Er is een zorgwekkende buffer overflow kwetsbaarheid (CVE-2025-50464) ontdekt in de upload.cgi module van de iptime NAS firmware v1.5.04. Deze kwetsbaarheid wordt veroorzaakt door het onveilig gebruik van de strcpy functie, die door een aanvaller aangestuurde data kopieert vanuit de CONTENT_TYPE HTTP header naar een vaste stackbuffer van slechts 8 bytes zonder grenzen te controleren.
Aangezien deze gevaarlijke bewerking plaatsvindt voordat authenticatie wordt uitgevoerd, is de kwetsbaarheid exploitabel zonder inloggegevens.
Overzicht
Dit buffer overflow probleem is gekoppeld aan CWE-121 en heeft een CVSS score van 6.5, wat wijst op een gemiddelde ernst. Het kan via het netwerk worden uitgevoerd, zonder dat er geavanceerde vaardigheden of gebruikersinteractie voor nodig is.
Bronnen
Vraag en Antwoord
Wat is CVE-2025-50464?
CVE-2025-50464 is een security kwetsbaarheid in de iptime NAS firmware die een buffer overflow kan veroorzaken in het upload.cgi script, wat kan leiden tot ongeautoriseerde toegang of crashes.
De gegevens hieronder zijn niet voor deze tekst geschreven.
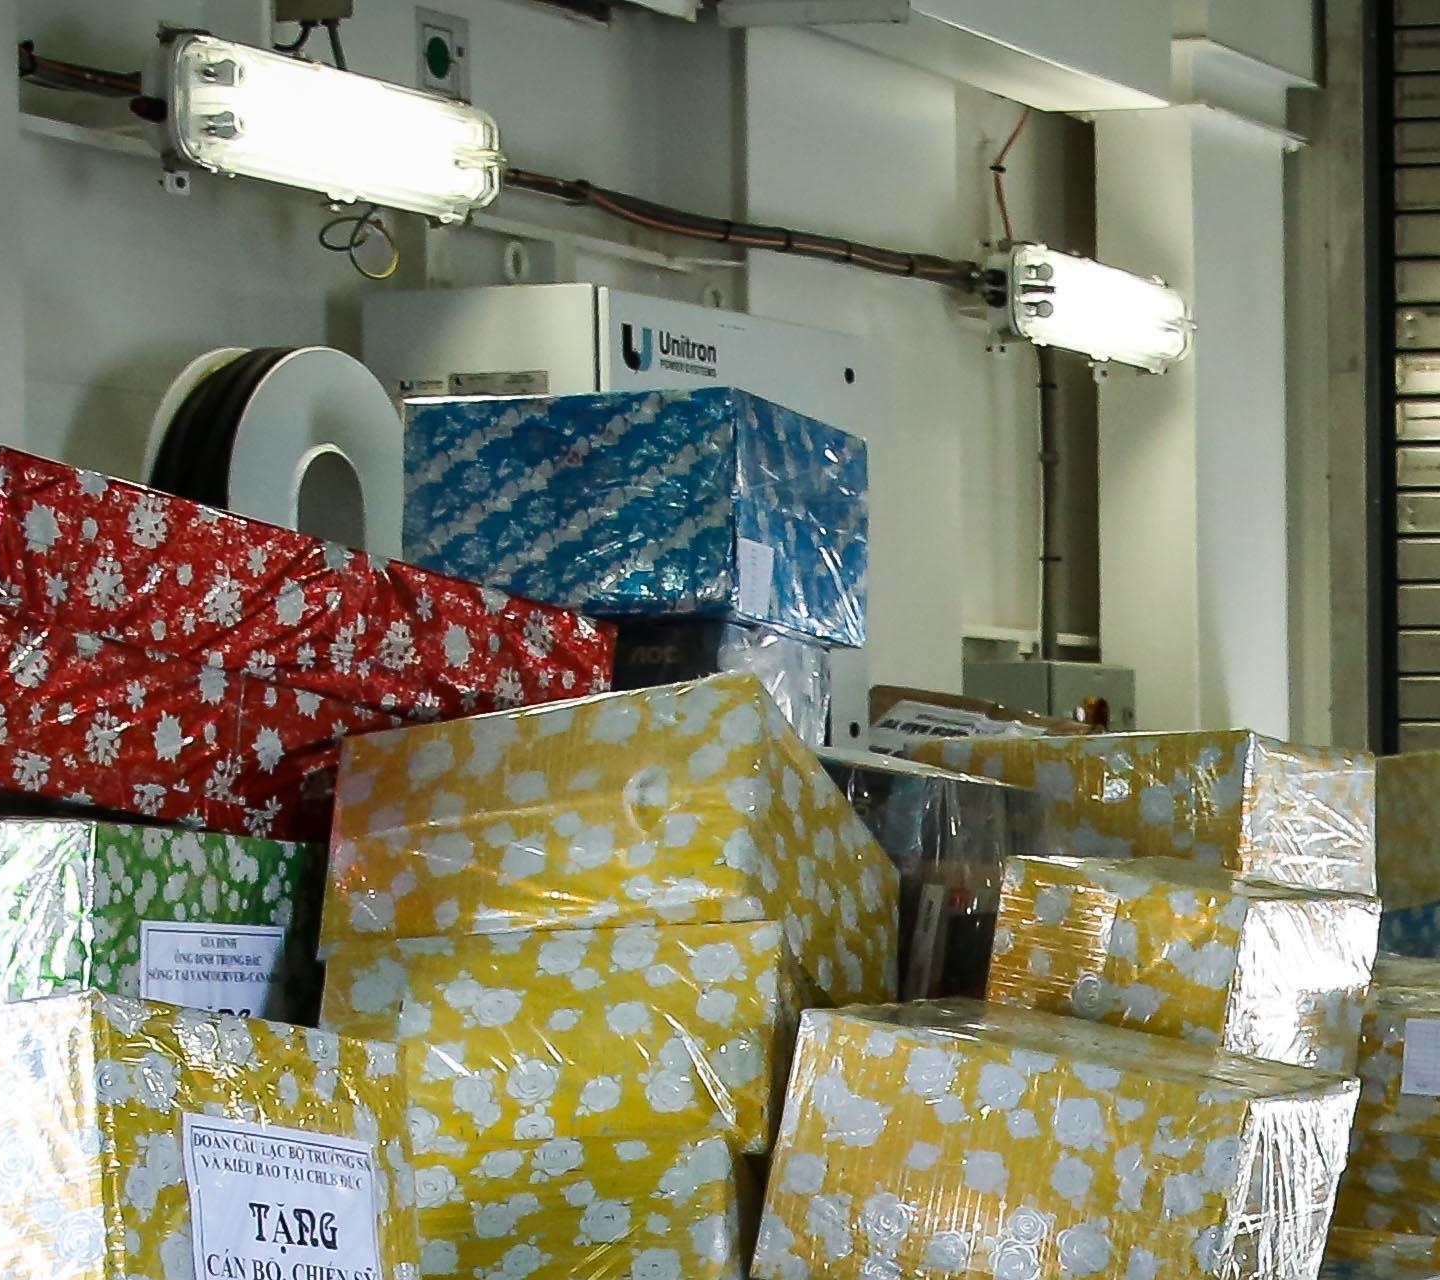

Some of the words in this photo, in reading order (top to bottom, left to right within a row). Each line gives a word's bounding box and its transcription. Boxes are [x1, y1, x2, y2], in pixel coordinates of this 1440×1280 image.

Welke systemen zijn kwetsbaar voor CVE-2025-50464?
Deze kwetsbaarheid treft de iptime NAS firmware versie v1.5.04.
Bestaat er al een patch of beveiligingsupdate?
Er is momenteel geen informatie over een beschikbare patch. Het wordt aanbevolen om de bronnen in de gaten te houden voor updates van de leverancier.
Wat kan een aanvaller met deze kwetsbaarheid?
Een aanvaller kan toegang krijgen tot de NAS zonder inloggegevens en mogelijk ongeautoriseerde data manipulaties uitvoeren.
Let op: Er zijn al proof-of-concept codes beschikbaar, wat de urgentie voor een snelle oplossing benadrukt.